Il libro di Giuseppe Lupo, Le fabbriche che costruirono l’Italia (nato proprio come rubrica di questo giornale) è un libro disincanto e amaro. Eppure, pieno di ammirazione, di passione, di comprensione intima di fatti, persone, società: è pieno di una com-passione, probabilmente postuma, che rende onore a una storia che deve essere conosciuta meglio. E la cosa più preoccupante è che questa inconsapevolezza sia di tutti dei protagonisti di quella storie, di molti che hanno tentato di intraprendete strade diverse e di chi, purtroppo, avrebbe la voglia e la volontà profonda di narrare un riscatto ma non riesce a farlo.
Il lavoro di Lupo ha una valenza culturale enorme, che non sempre si coglierà a prima vista. Se l’Italia ha smarrito, in gran parte, quell’ “orgoglio industriale” che un uomo di impresa come Antonio Calabrò non si stanca di declinare al contemporaneo, è proprio perché in Italia perdura una diffidenza e un’ostilità verso la cultura e la realtà dell’industria che, abbiamo scoperto, amaramente e sorprendentemente, è, in molti casi, delle stesse imprese e di chi ci lavora.
Ma non è, quella di Lupo, un’operazione nostalgia. È un progetto di futuro, al contrario: il recupero, filtrato da scrittori e artisti che nel passato si sono confrontati con il mondo industriale, è uno sguardo in avanti e un tentativo di gettare il cuore oltre l’ostacolo e facendo, del cuore, della com-passione, appunto, una possibile chiave di lettura di una identità travisata e da recuperare.
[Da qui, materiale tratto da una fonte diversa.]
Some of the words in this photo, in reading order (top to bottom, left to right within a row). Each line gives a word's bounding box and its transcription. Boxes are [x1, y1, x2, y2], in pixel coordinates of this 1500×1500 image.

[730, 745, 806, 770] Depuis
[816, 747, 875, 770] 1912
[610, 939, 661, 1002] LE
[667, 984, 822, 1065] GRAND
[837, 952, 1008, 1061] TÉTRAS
Il disincanto, si diceva. Che deriva dalla constatazione delle cose e da un retropensiero che, inevitabilmente, si è insinuato e ha via via preso corpo durante le puntate. Ed è questo. Nella geografia non scontata che si è scelto di indagare, con grandi realtà simboliche del Novecento italiano, ma anche con paesaggi e luoghi produttivi molto più appartati e probabilmente più significativi dal punto di vista della cultura che non della produzione, è venuto fuori che una parte notevole dell’equivoco che ancora oggi, in piena epoca di industria 4.0 e dematerializzazione del lavoro (quale lavoro, poi?) ha investito il mondo della produzione. In sostanza è venuto fuori che quel mondo dell’industria non sia stato capito dagli intellettuali che invece dovevano interpretarlo e porlo al futuro.
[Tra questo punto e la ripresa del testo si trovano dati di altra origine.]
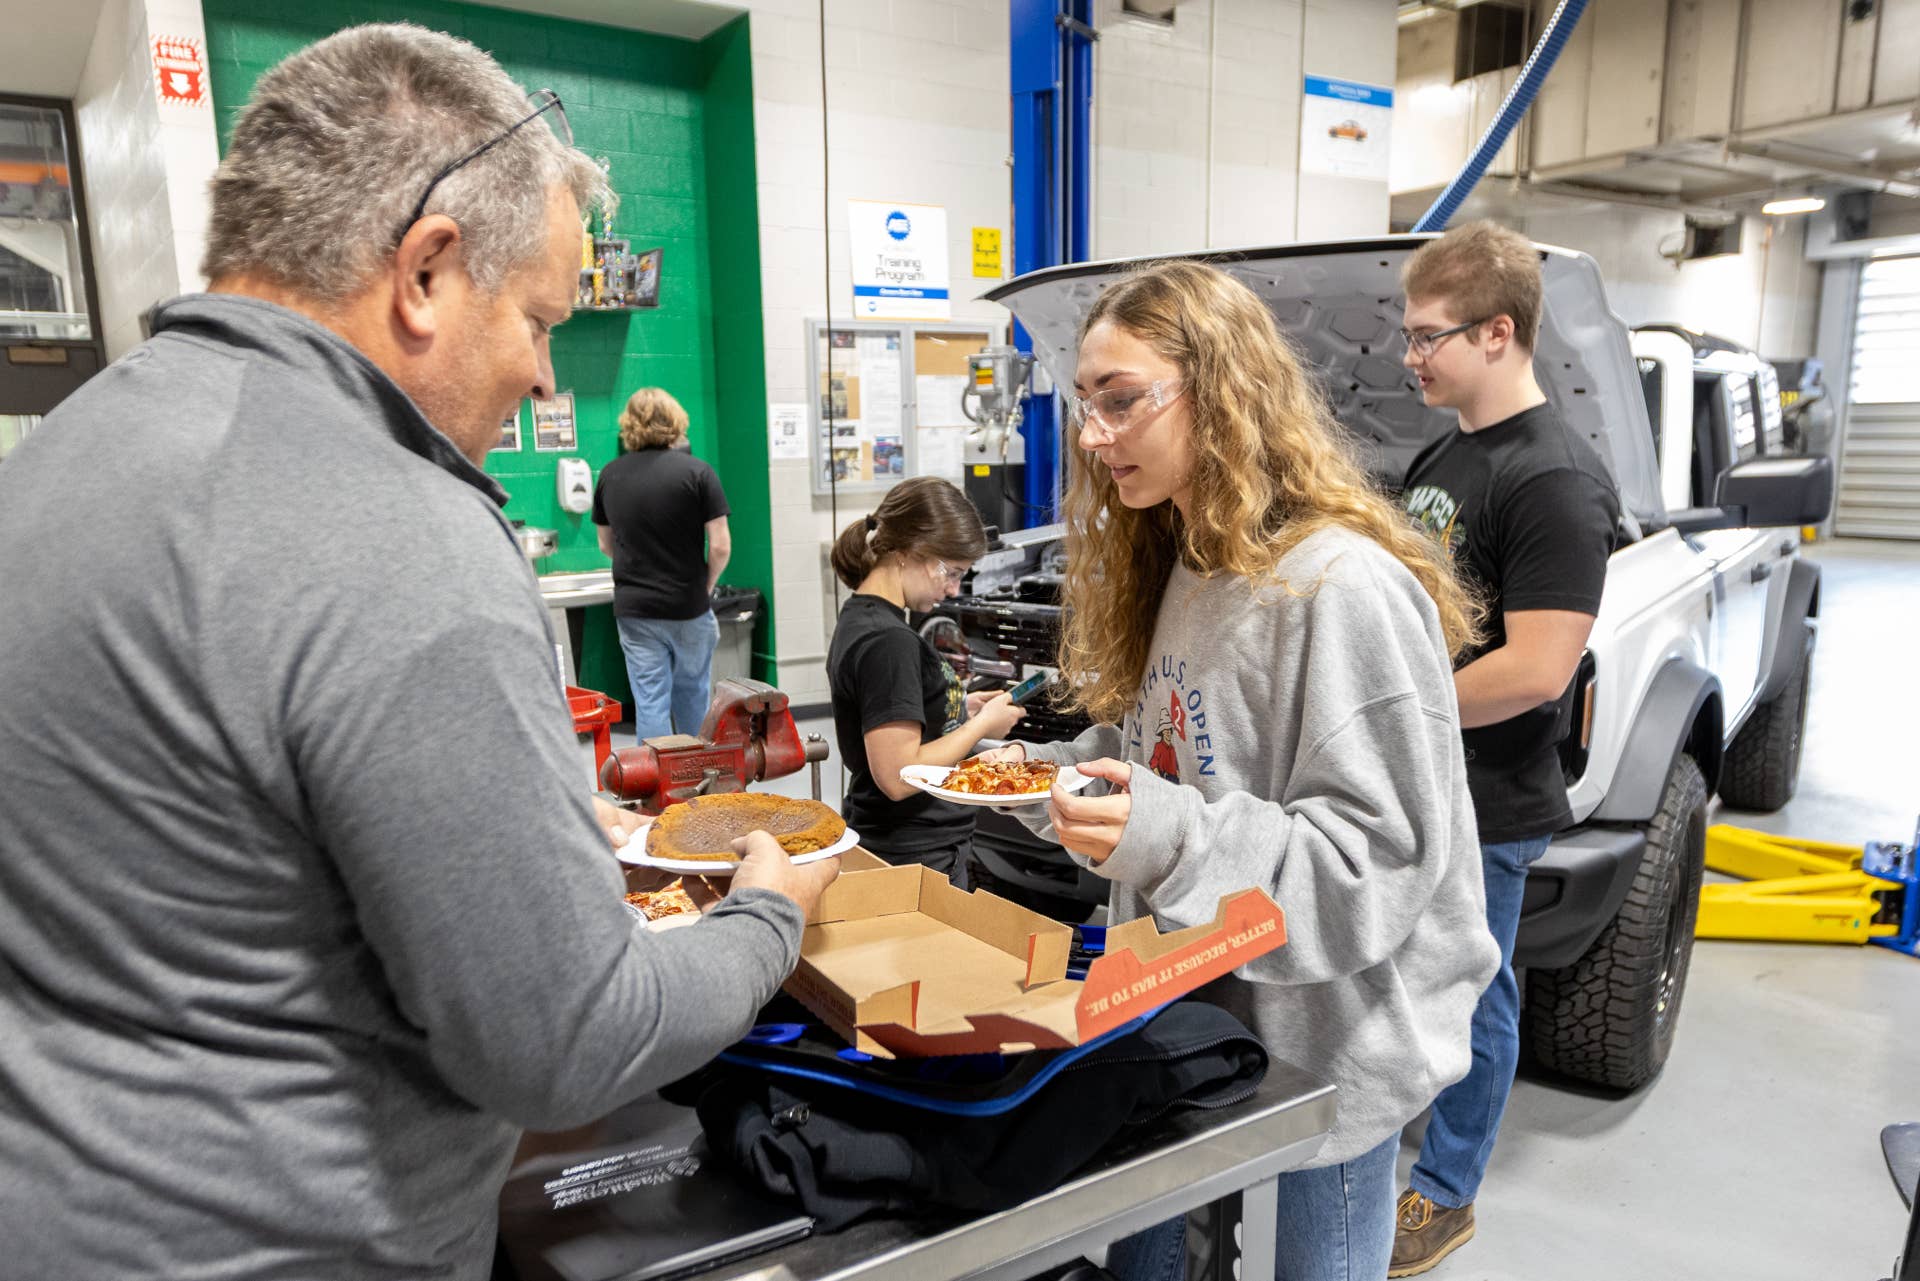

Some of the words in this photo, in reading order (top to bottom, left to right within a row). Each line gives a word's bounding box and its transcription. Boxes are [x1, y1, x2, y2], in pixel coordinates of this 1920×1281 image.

[158, 43, 194, 60] FIRE
[876, 254, 922, 272] Training
[875, 266, 925, 284] Program
[1162, 655, 1186, 690] U.S.
[1187, 689, 1216, 776] OPEN
[1228, 918, 1276, 948] BETTER,
[1174, 942, 1228, 972] BECAUSE
[1159, 968, 1173, 980] IT
[1131, 975, 1158, 996] HAS
[1085, 998, 1110, 1017] BE.
[1111, 991, 1131, 1006] TO
Intrappolati da facili schematismi, molti scrittori, hanno saputo vedere solo il lato oscuro della fabbrica, lo stress, il lavoro duro, il meccanismo. Senza rendersi conto che, invece, la storia dell’industrializzazione italiana (in molti casi felice e dal “volto umano”) era, ed è, anche una storia del riscatto della società italiana. Nella storia dell’immaginario collettivo italiano, gli intellettuali, colpevolmente o per incapacità di lettura, non hanno capito con che cosa si confrontavano.
Ed era l’arrivo della modernità, ed era il processo di far crescere e diventare cittadini più consapevoli, interi strati di società che non avrebbero avuto altre possibilità per farlo. Nella bilancia del progresso, di ciò che si perde e di ciò che si guadagna, inspiegabilmente, si è continuato a zavorrare solo il lato delle perdite, dimenticando di valutare bene cosa e quanto fosse il guadagno sociale, non economico. Ecco: questo libro è un tentativo di recuperare una narrazione che aiuti a ragionare con equilibrio su questi fatti. Ed è, per questo, una narrazione civile. E operosa.